El partido del "National", los «amigos de la Constitución quand même» (A pesar de todo), los républicains purs et simples, (Republicanos puros y simples) salieron completamente derrotados de las elecciones. Sólo una minoría ínfima de este partido fue enviada a la Cámara legislativa; sus jefes más notorios desaparecieron de la escena, incluso Marrast, el redactor jefe y Orfeo de la república «honesta». 

 

 

El 28 de mayo se reunió la Asamblea legislativa, y el 11 de junio volvió a reanudarse la colisión del 8 de mayo; Ledru-Rollin, en nombre de la Montaña, presentó, a propósito del bombardeo de Roma, un acta de acusación contra el presidente y el ministerio incriminándoles la violación de la Constitución. El 12 de junio, rechazó la Asamblea Legislativa el acta de acusación, como la había rechazado la Asamblea Constituyente el 11 de mayo, pero esta vez el proletariado arrastró a la Montaña a la calle, aunque no a la lucha, sino a una procesión callejera simplemente. Basta decir que la Montaña iba a la cabeza de este movimiento para comprender que el movimiento fue vencido y que el Junio de 1849 resultó una caricatura tan ridícula como indigna del Junio de 1848. La gran retirada del 13 de junio sólo resultó eclipsada por el parte de operaciones, todavía más grande, de Changarnier, el gran hombre improvisado por el partido del orden. Toda época social necesita sus grandes hombres y, si no los encuentra, los inventa, como dice Helvetius. 

 

 

 

El 20 de diciembre sólo existía la mitad de la república burguesa constituida: el presidente; el 28 de mayo fue completada con la otra mitad, con la Asamblea Legislativa. En junio de 1848, la república burguesa en formación había grabado su partida de nacimiento en el libro de la historia con una batalla inenarrable contra el proletariado; en junio de 1849, la república burguesa constituida lo hizo mediante una comedia incalificable representada con la pequeña burguesía.
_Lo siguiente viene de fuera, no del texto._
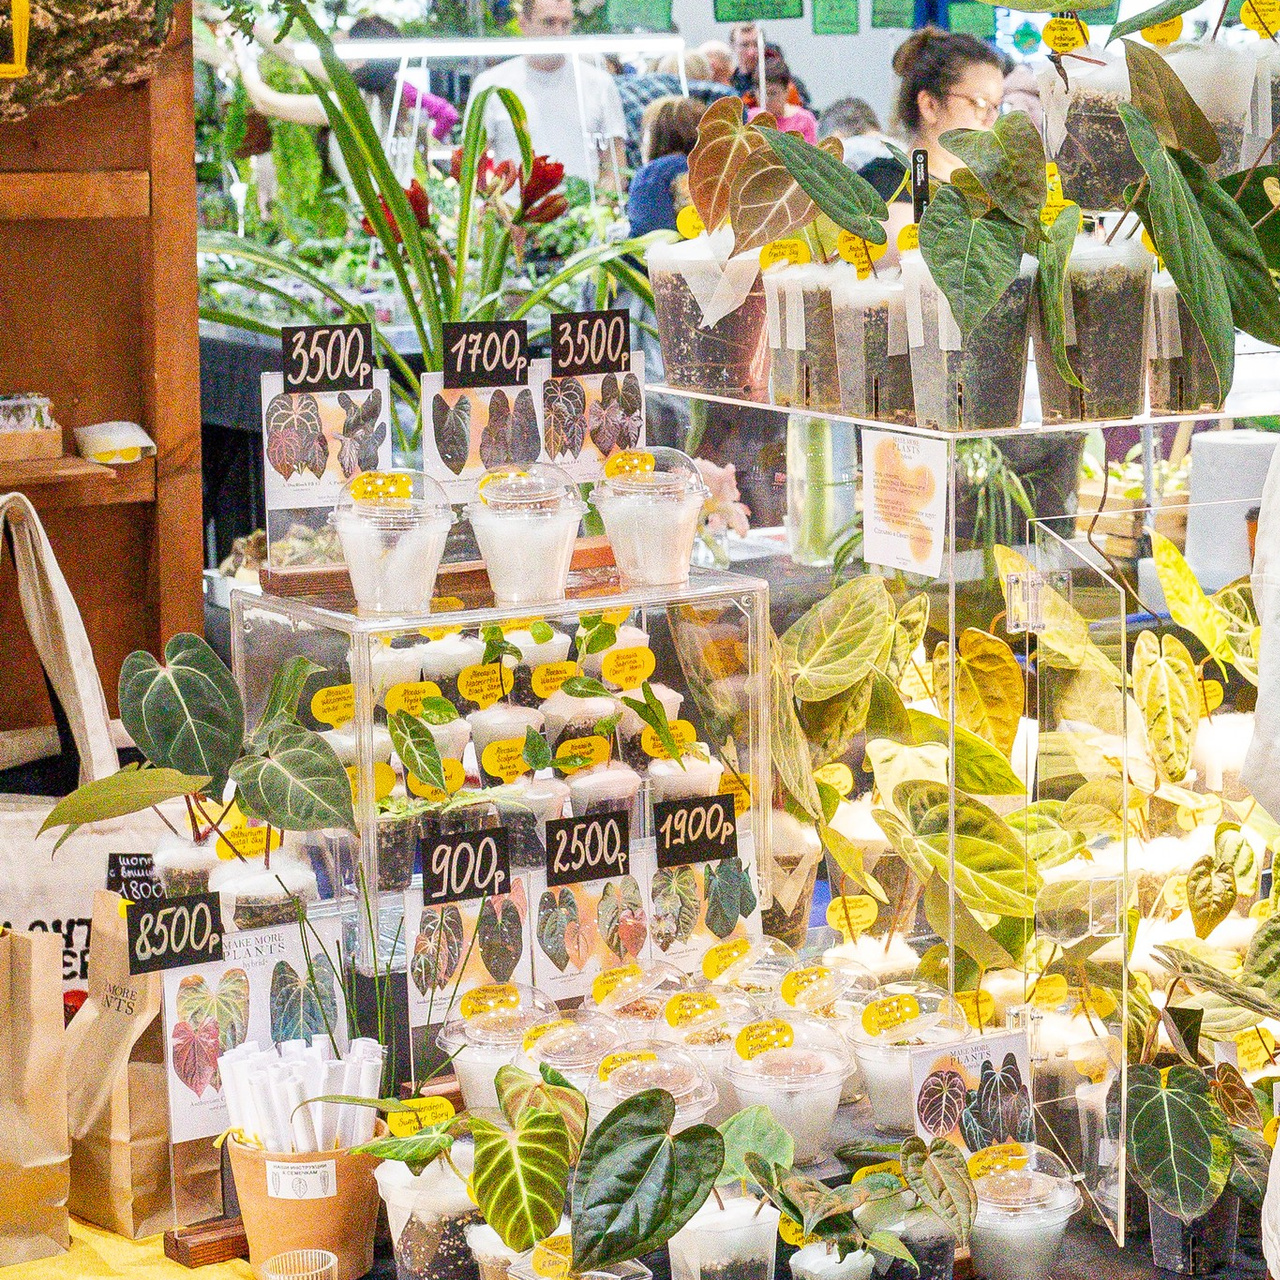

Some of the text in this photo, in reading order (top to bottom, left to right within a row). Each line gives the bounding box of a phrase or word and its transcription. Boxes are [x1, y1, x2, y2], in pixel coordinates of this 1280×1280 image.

Junio de 1849 fue la Némesis que se vengaba del Junio de 1848. En junio de 1849 no fueron vencidos los obreros, sino abatidos los pequeños burgueses que se interponían entre ellos y la revolución. Junio de 1849 no fue la tragedia sangrienta entre el trabajo asalariado y el capital, sino la comedia entre el deudor y el acreedor: comedia lamentable y llena de escenas de encarcelamientos. El partido del orden había vencido; era todopoderoso. Ahora tenía que poner de manifiesto lo que era…

 

(continuará)

 

 

 

 

 

[ Fragmento de: Karl MARX. “Las luchas de clases en Francia de 1848 a 1850” ]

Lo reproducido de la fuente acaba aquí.